[Start of Attachment]
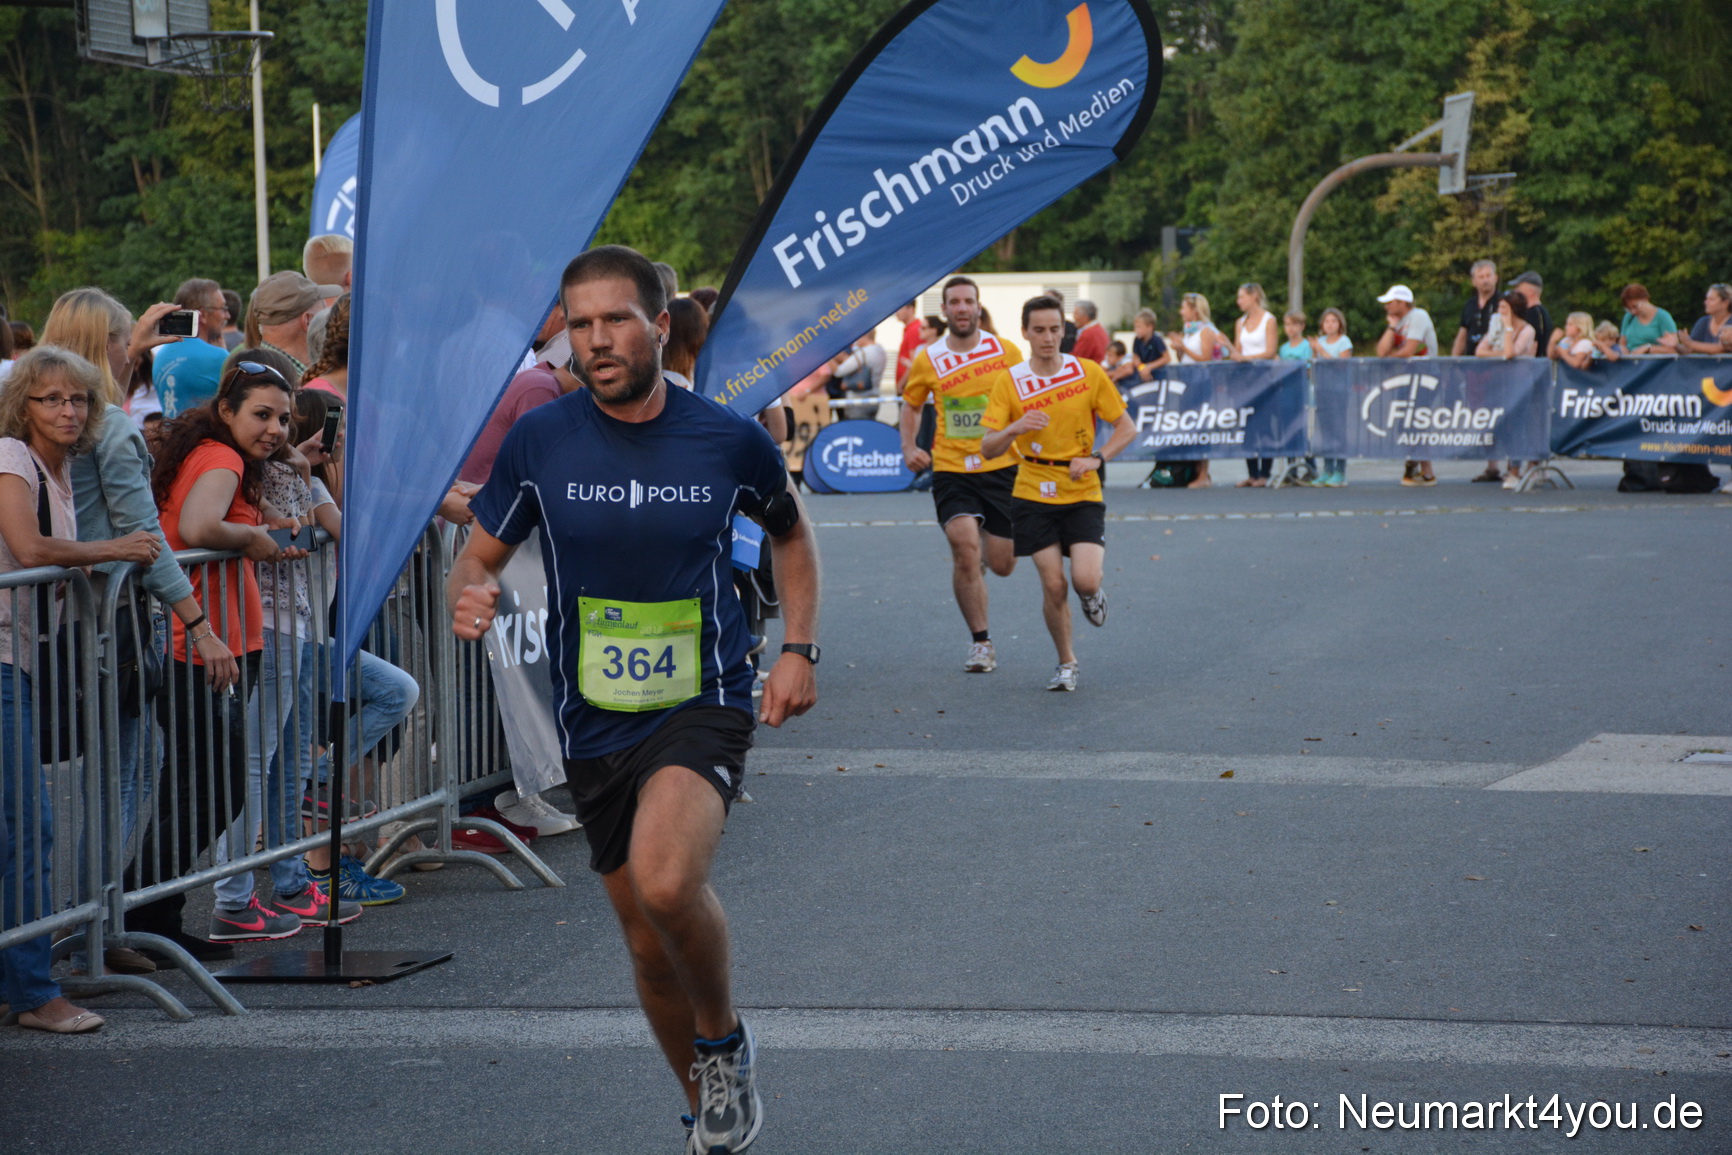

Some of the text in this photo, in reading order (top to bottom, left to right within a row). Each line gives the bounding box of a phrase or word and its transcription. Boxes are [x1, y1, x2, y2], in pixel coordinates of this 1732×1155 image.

[951, 78, 1134, 206] Druck und Medien
[773, 97, 1044, 289] Frischmann
[941, 360, 1008, 392] MAX BÖGL
[1023, 383, 1090, 413] MAX BÖGL
[1560, 388, 1702, 418] Frischmann
[953, 413, 982, 428] 902
[1136, 402, 1255, 432] Fischer
[1387, 400, 1504, 429] Fischer
[1640, 418, 1676, 433] Druck
[1678, 418, 1701, 434] und
[1142, 431, 1246, 446] AUTOMOBILE
[1397, 432, 1494, 446] AUTOMOBILE
[838, 450, 903, 468] Fischer
[846, 467, 900, 477] AUTOMOBILE
[567, 482, 712, 503] EURO POLES
[602, 645, 677, 682] 364
[613, 688, 640, 697] Jochen
[End of Attachment]
> _Exercise brief_
Produce the material above again in full, with identical lines and no pictures.

> _Response area_
Some of the text in this photo, in reading order (top to bottom, left to right within a row). Each line gives the bounding box of a phrase or word and its transcription. Boxes are [x1, y1, x2, y2], in pixel coordinates of this 1732×1155 image.

[951, 78, 1134, 206] Druck und Medien
[773, 97, 1044, 289] Frischmann
[941, 360, 1008, 392] MAX BÖGL
[1023, 383, 1090, 413] MAX BÖGL
[1560, 388, 1702, 418] Frischmann
[953, 413, 982, 428] 902
[1136, 402, 1255, 432] Fischer
[1387, 400, 1504, 429] Fischer
[1640, 418, 1676, 433] Druck
[1678, 418, 1701, 434] und
[1142, 431, 1246, 446] AUTOMOBILE
[1397, 432, 1494, 446] AUTOMOBILE
[838, 450, 903, 468] Fischer
[846, 467, 900, 477] AUTOMOBILE
[567, 482, 712, 503] EURO POLES
[602, 645, 677, 682] 364
[613, 688, 640, 697] Jochen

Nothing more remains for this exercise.